START Data to examine

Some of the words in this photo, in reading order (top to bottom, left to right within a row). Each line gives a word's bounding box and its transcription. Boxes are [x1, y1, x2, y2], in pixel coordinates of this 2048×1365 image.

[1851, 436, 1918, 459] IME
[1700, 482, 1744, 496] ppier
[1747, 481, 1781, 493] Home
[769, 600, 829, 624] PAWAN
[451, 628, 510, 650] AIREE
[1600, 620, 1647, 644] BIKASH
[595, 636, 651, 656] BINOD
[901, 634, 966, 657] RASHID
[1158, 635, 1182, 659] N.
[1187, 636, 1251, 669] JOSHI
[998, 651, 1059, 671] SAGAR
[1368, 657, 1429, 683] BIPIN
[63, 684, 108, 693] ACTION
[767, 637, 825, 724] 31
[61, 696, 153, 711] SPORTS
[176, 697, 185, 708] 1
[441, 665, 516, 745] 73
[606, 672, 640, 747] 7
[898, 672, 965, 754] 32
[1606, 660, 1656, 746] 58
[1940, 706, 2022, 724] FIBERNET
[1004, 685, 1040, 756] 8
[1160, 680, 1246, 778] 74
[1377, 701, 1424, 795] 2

END Data to examine

§ **To do**
In this exercise, the data above is to be printed exactly.

§ **Answer to this task**
Some of the words in this photo, in reading order (top to bottom, left to right within a row). Each line gives a word's bounding box and its transcription. Boxes are [x1, y1, x2, y2], in pixel coordinates of this 2048×1365 image.

[1851, 436, 1918, 459] IME
[1700, 482, 1744, 496] ppier
[1747, 481, 1781, 493] Home
[769, 600, 829, 624] PAWAN
[451, 628, 510, 650] AIREE
[1600, 620, 1647, 644] BIKASH
[595, 636, 651, 656] BINOD
[901, 634, 966, 657] RASHID
[1158, 635, 1182, 659] N.
[1187, 636, 1251, 669] JOSHI
[998, 651, 1059, 671] SAGAR
[1368, 657, 1429, 683] BIPIN
[63, 684, 108, 693] ACTION
[767, 637, 825, 724] 31
[61, 696, 153, 711] SPORTS
[176, 697, 185, 708] 1
[441, 665, 516, 745] 73
[606, 672, 640, 747] 7
[898, 672, 965, 754] 32
[1606, 660, 1656, 746] 58
[1940, 706, 2022, 724] FIBERNET
[1004, 685, 1040, 756] 8
[1160, 680, 1246, 778] 74
[1377, 701, 1424, 795] 2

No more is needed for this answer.